后来,我和桥南村的于会先长老经常到那里讲道。学武大爷非常爱我们,也非常爱苌庄,把那里当作他灵里的家,他说:“我这一生有三个家,一是天上的家,一是苌庄那个家,一是我本人生活的这个家。”因为他一生服侍主,我和弟兄姐妹自然把赡养他看作自己的责任。他虽然有血缘关系比较近的人,却不信主,他很希望主家的人照顾他。他很清楚自己脾气孤僻,说:“如果谁能伺候得了我,就没有伺候不了的人了。
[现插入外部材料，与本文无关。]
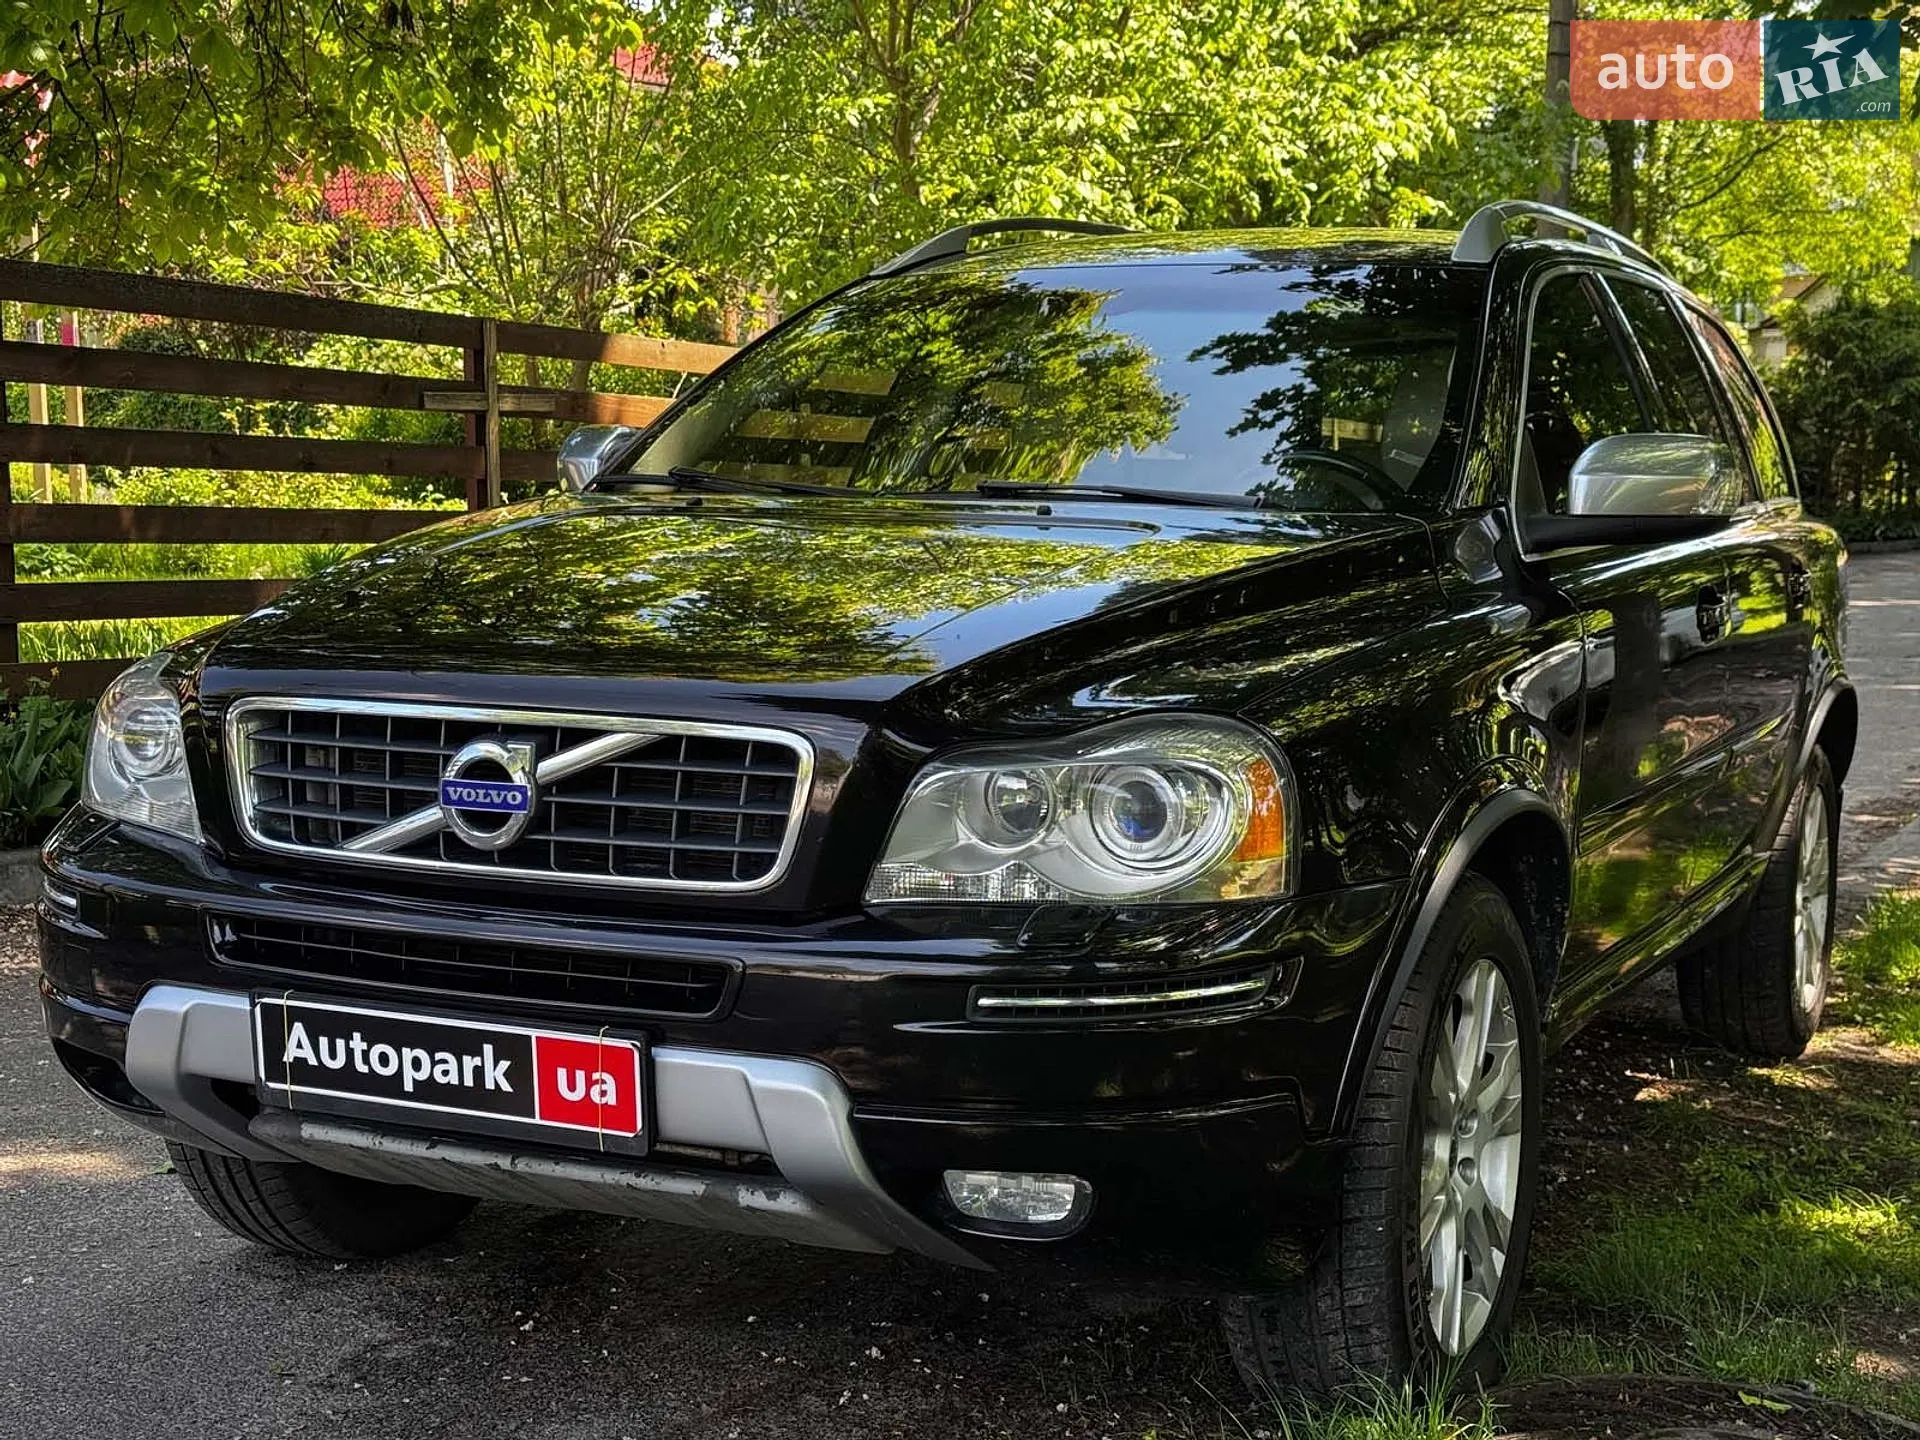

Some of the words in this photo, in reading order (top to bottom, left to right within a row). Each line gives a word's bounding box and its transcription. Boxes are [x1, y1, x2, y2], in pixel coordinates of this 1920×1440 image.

[446, 786, 523, 805] VOLVO
[282, 1021, 514, 1093] Autopark
[556, 1066, 618, 1106] ua
”那时,梅官刚刚照顾爱真娘去世不久,我不忍心把照顾学武大爷的担子再交给梅官,但她和郭中寨的纪荣翠姊妹却甘愿担起这项事工。我想来想去,也真的没有比她们更胜任的人了,只好同意。她们照顾了他几个月,直到他离世。我知道她们那几个月付出了很大的忍耐,做出了一些感人的见证。我很希望她们把具体情况讲一讲,让弟兄姐妹受造就,她们却不肯说。后来我对梅官说:“听说你学武爷爷很难服侍,你能把具体情况讲一讲吗?”梅官说:“他是神的仆人,我们只感到不配。他无论怎样,我们都很感恩喜乐!”学武大爷本家族中,关系不是太远的一个孙子,名字叫李金亮,就是因为她们服侍老人的美好见证,受感动信了主,一起参与服侍直到他去世。李金亮弟兄信主之后,也很有爱主的见证,后来,他做了这个教会的负责人并章丘教会的义工传道人。
 
记忆五

华山耶稣家庭的杨庆义大爷讲过一位弟兄的见证,可惜我忘了这位弟兄的名字,也不知道他是哪个家庭的(庆义大爷早已去世,已无从考证)。一次,这位弟兄外出,到了礼拜天,进了一家教堂去作礼拜。那教堂的牧师听说他是耶稣家庭的,就再三请他到前面的上座就坐。他知道那是被尊重的人坐的地方,坚持坐在下面。牧师却非常“热情”,非要拉他坐在那里。他以为盛情难却,就顺从地坐了下来。哪知,那位牧师的“热情”却是虚的,他对耶稣家庭很有意见,在讲道中大讲耶稣家庭如何如何不好,后来干脆直接指着他讲,说:“什么耶稣家庭,这些人就是些南阳湖的臭鸭子!”越讲越气,讲到气头上,把他从上面的座位拉起来,推到下面的座位上。他就顺从地坐在了下面座位上,面对着牧师继续认真地听讲。牧师讲来讲去,不知讲到了什么地方,又把他拉回上座。他仍然顺从地坐回上座,认真地听讲。牧师讲完之后,对弟兄说:“你有受感动要说的话吗?”弟兄走上台前,流着眼泪真诚地说:“感谢主,今天牧师讲得一点也不错,是的,我在主面前就是这么一个人。刚才牧师说‘南阳湖的臭鸭子’,弟兄姐妹知道吗,我觉得我在主面前,实际上连一只南阳湖的臭鸭子也比不上。”结果全场信徒都被圣灵感动,流下了眼泪!
 
记忆六

还有两个见证,我觉的事情虽然小,却能见证基督徒生活行为中应该有的敬虔。

在主的家里,弟兄姐妹都是存心为主而活,所以,每个人都有活儿做,他们也将对主的爱和忠心,借着所做的事工表达出来。大家一面做着各自的事工,一面唱诗,彼此交通或一起祷告,充满着属天的喜乐。老年人也有事情做,夏天来了可以打苍蝇,自己计数,晚上报出来,看谁打得数量多。这样,一面做着事工,一面还从事工中得到一种乐趣。一天晨更聚会,有一位老人痛哭流涕,当众向主认罪,因为昨天他打的苍蝇,可以确定的数目是九十九个,他却报了一百,其中有一个,是否被他打死了,自己没有看清楚,不能确定,他却想着凑整数把那个也算在里面了。因着这一点点儿的不诚实,圣灵不放过他,他在祷告中大受责备,以致站起身来当众向主认罪悔改。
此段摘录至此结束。